Oil prices have temporarily pared yesterday’s losses following a five-session rally as the overwhelming supply glut has outweighed any recovering fuel demand. This has come amidst a restarting of OPEC+ production cuts and the reopening of economic activity in some states and countries. Saudi Arabia has led with OPEC+ cuts of 9.7 million barrels per day that had begun on May 1 with possible additional measures at the next upcoming meeting on June 10. Adding in the non-OPEC production cuts the total is likely nearing 15 million barrels per day and getting closer to the 20 million barrels per day announced at the initial OPEC/G20 meeting.

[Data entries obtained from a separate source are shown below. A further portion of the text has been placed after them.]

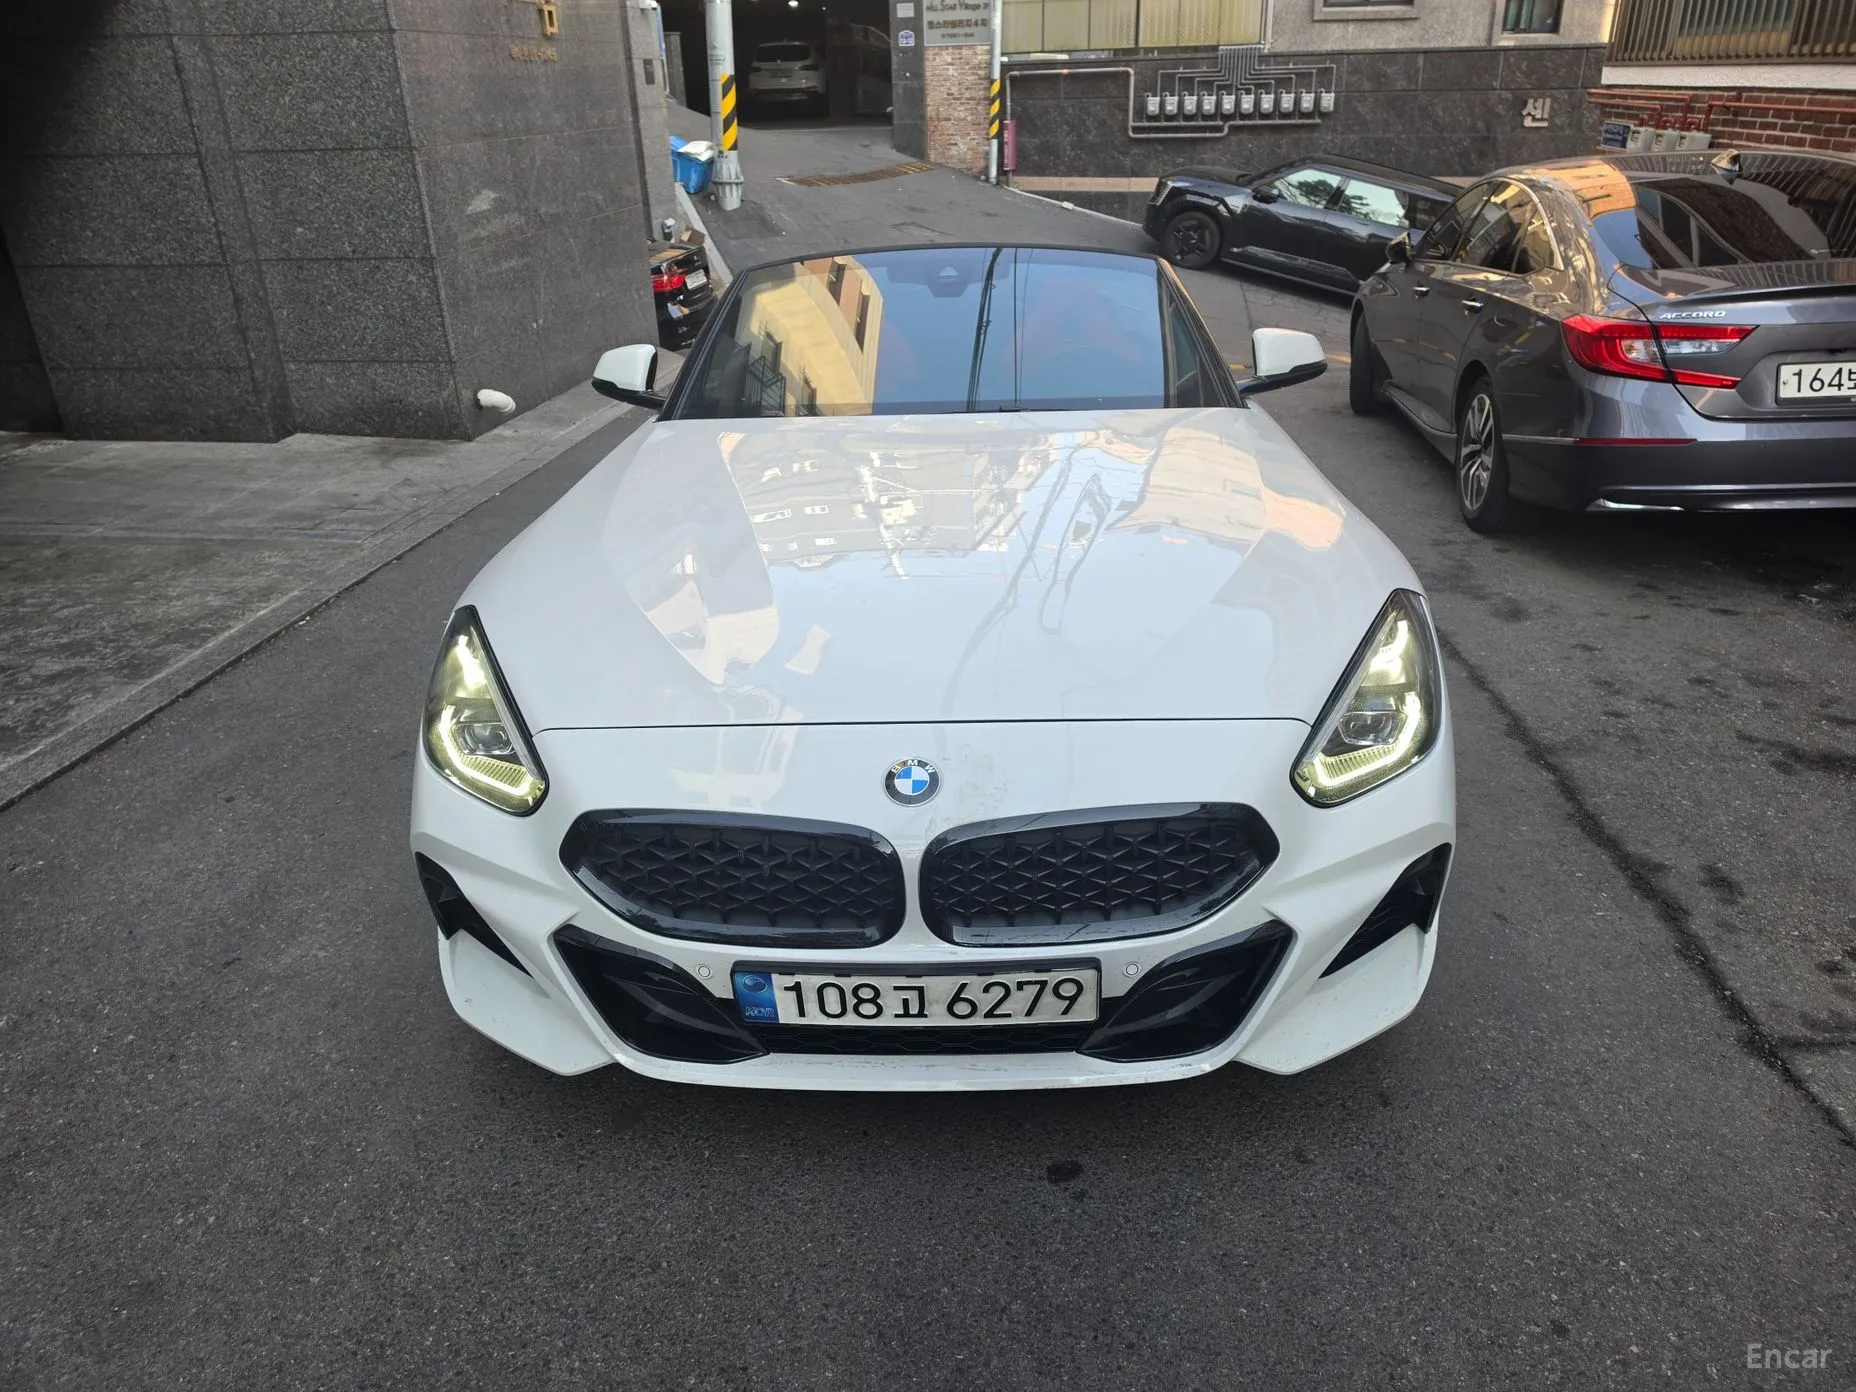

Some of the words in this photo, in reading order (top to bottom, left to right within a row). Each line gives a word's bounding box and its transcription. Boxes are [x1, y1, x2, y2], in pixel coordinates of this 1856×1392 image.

[1521, 97, 1551, 128] 센
[1659, 310, 1727, 320] ACCORD
[891, 759, 936, 774] BMW
[783, 980, 928, 1020] 108고
[946, 977, 1084, 1020] 6279
[744, 1006, 776, 1018] KOR
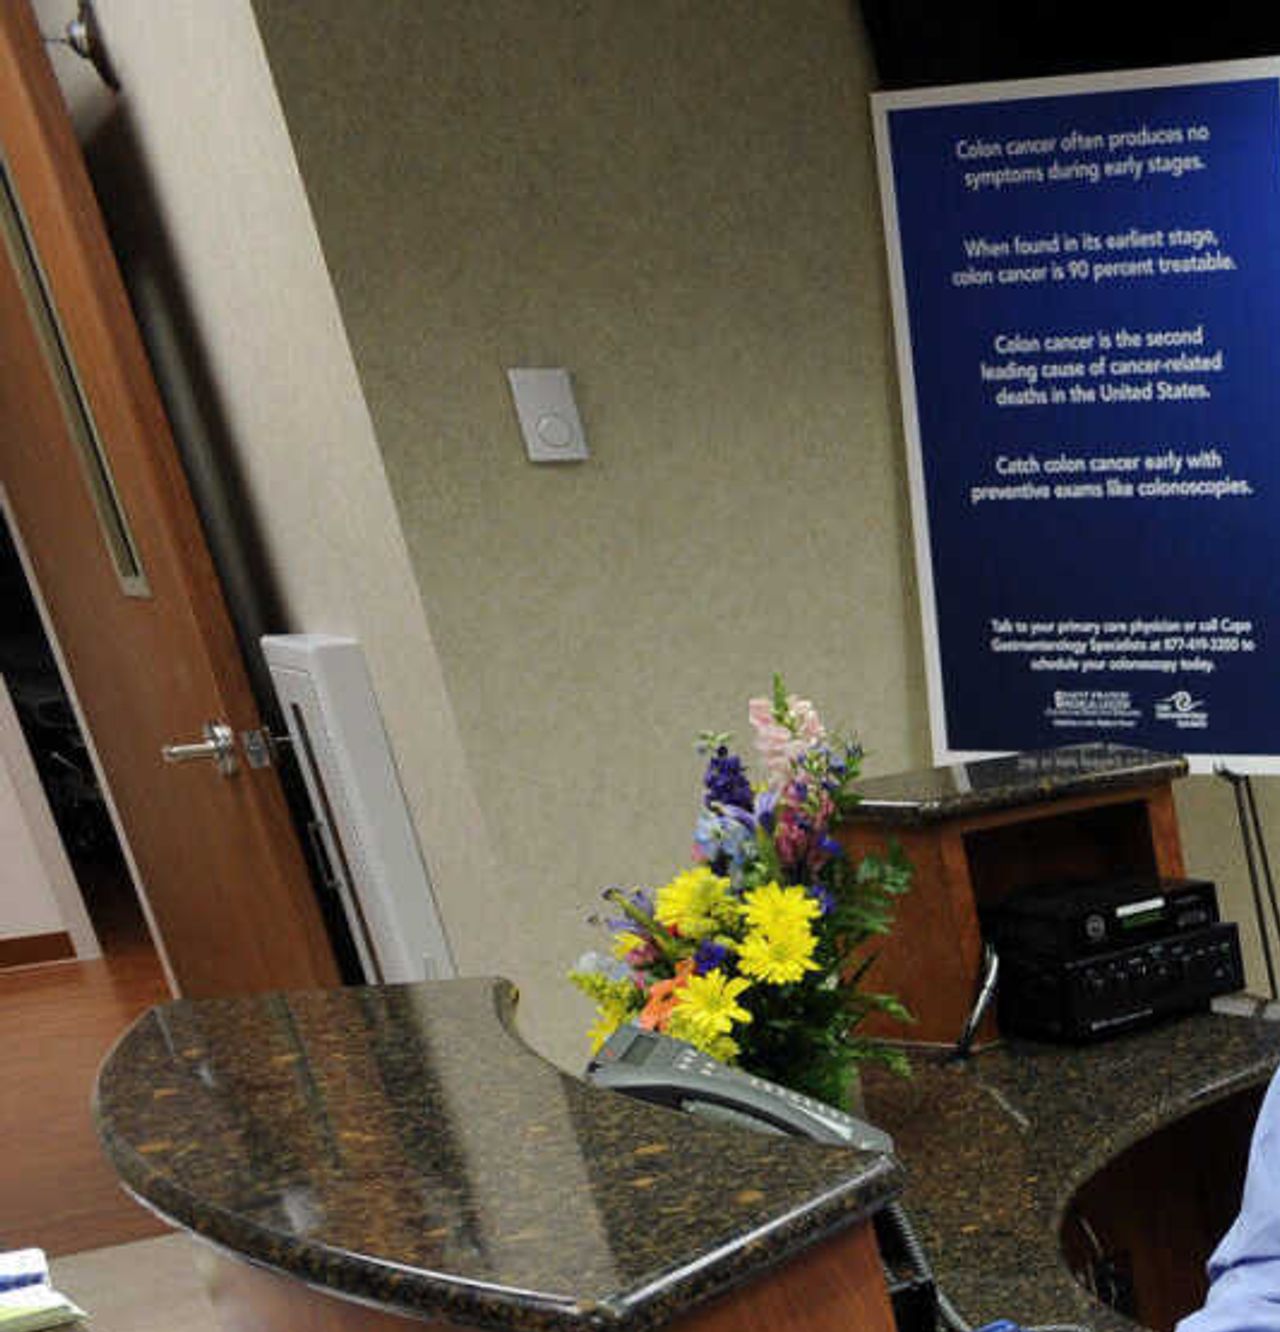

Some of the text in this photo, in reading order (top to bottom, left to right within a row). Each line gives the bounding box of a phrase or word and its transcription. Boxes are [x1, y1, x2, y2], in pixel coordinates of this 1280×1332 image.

[955, 125, 1211, 159] Colon cancer often produces no
[964, 153, 1206, 190] symptoms during early stages.
[963, 227, 1219, 258] When found in its earliest stage,
[952, 251, 1237, 287] colon cancer is 90 percent treatable.
[994, 326, 1204, 354] Colon cancer is the second
[980, 350, 1224, 384] leading cause of cancer-related
[995, 381, 1211, 406] deaths in the United States.
[995, 449, 1223, 474] Catch colon cancer early with
[971, 476, 1254, 504] preventive exams like colonoscopies.
[991, 619, 1012, 633] Talk
[1015, 621, 1028, 633] to
[1031, 622, 1055, 635] your
[1058, 620, 1100, 635] primary
[1103, 622, 1127, 632] care
[1130, 619, 1181, 634] physician
[1184, 621, 1197, 632] or
[1199, 618, 1218, 631] call
[1241, 640, 1255, 651] to
[1081, 660, 1106, 673] your
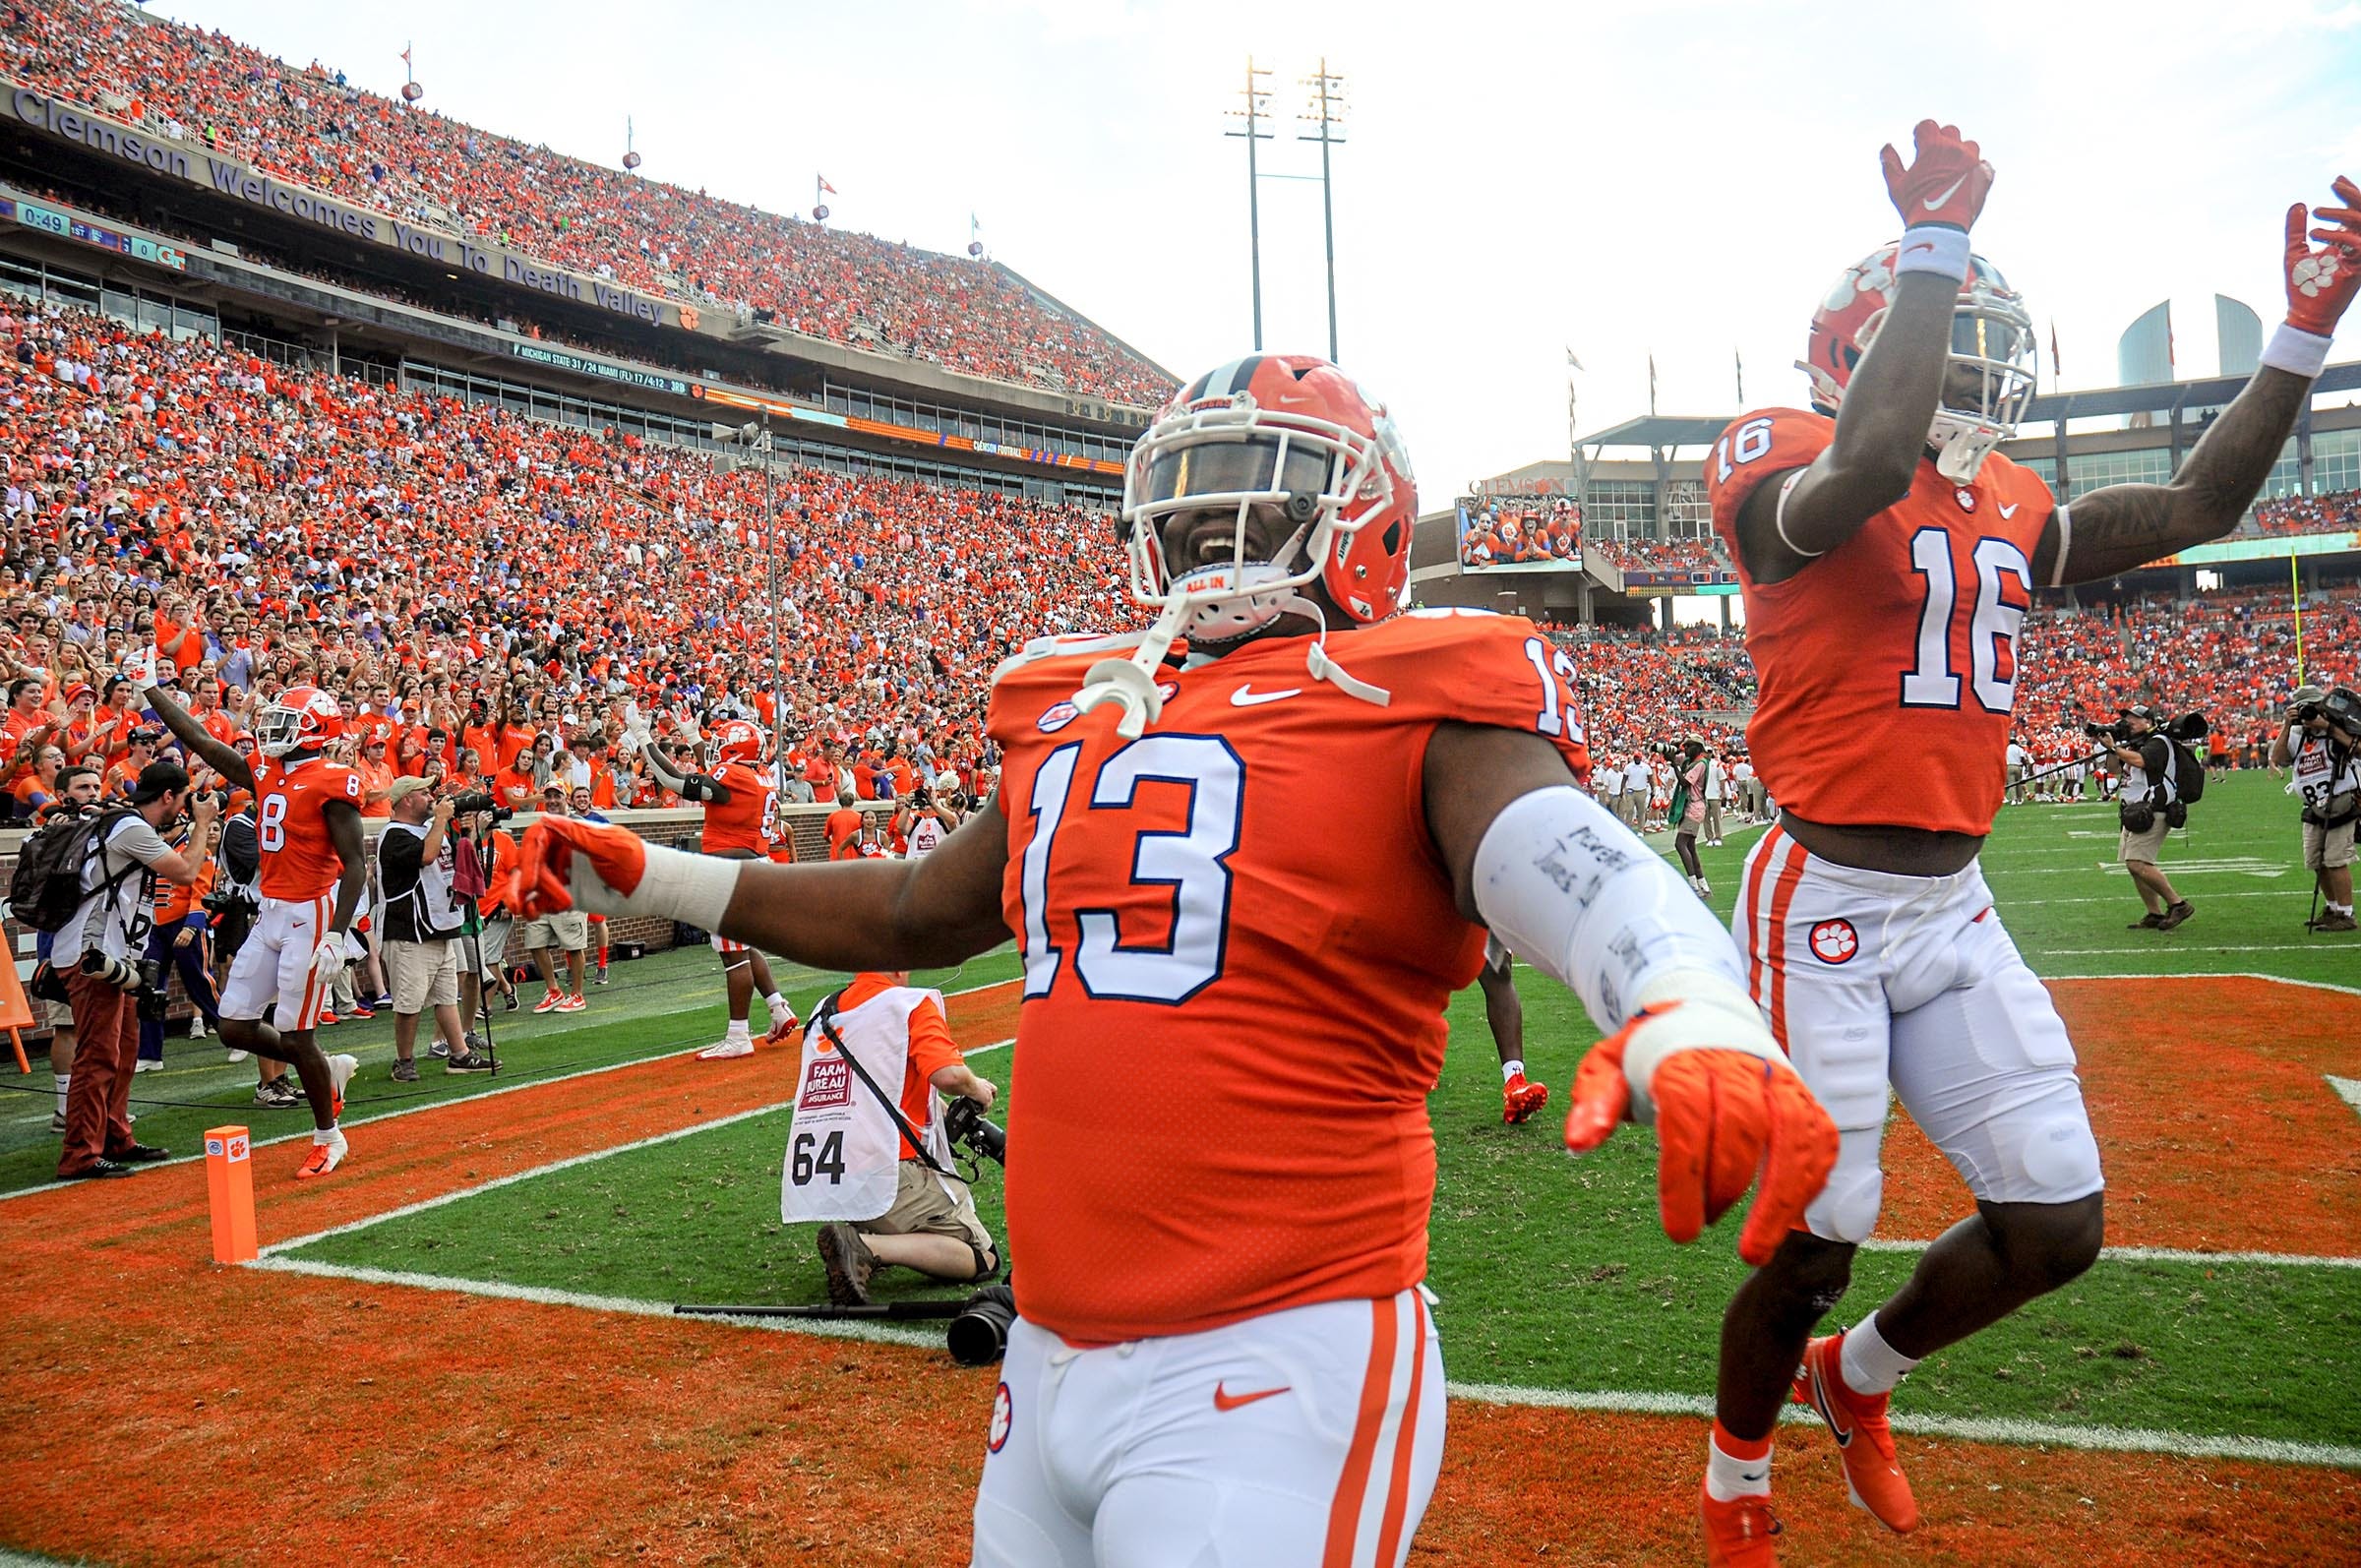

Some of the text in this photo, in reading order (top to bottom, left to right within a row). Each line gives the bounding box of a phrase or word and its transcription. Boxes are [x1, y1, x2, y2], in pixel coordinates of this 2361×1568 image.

[14, 88, 665, 328] Clemson Welcomes You To Death Valley
[25, 209, 62, 231] 0:49
[521, 346, 551, 363] MICHIGAN
[552, 354, 571, 367] STATE
[598, 364, 618, 378] MIAMI
[1716, 417, 1774, 485] 16
[1469, 479, 1565, 497] CLEMSN
[1186, 575, 1225, 593] ALL IN
[1900, 524, 2032, 716] 16
[346, 773, 360, 797] 8
[712, 766, 727, 781] 8
[260, 793, 288, 854] 8
[1021, 730, 1246, 1006] 13
[814, 1063, 846, 1078] FARM
[791, 1130, 846, 1186] 64

April may have been a bottom regarding demand with production cuts continuing to progress. Further OPEC action may be needed at the June meeting with the possibly of extending to the highest level of cuts at 9.7 million barrels per day for the rest of the year (instead of current plans to reduce cuts to 7.7 million barrels per day in July). Although negative territory is unlikely in the June contract, further weakness in the near term is suspected as the June contract heads closer to expiration due to limited cushing storage and inventories near full capacity as well physical delivery at the end of the month. In addition, oil volatility (OVX) remains highly elevated with the market remaining bearish trend with today’s range seen between 9.46 – 28.73.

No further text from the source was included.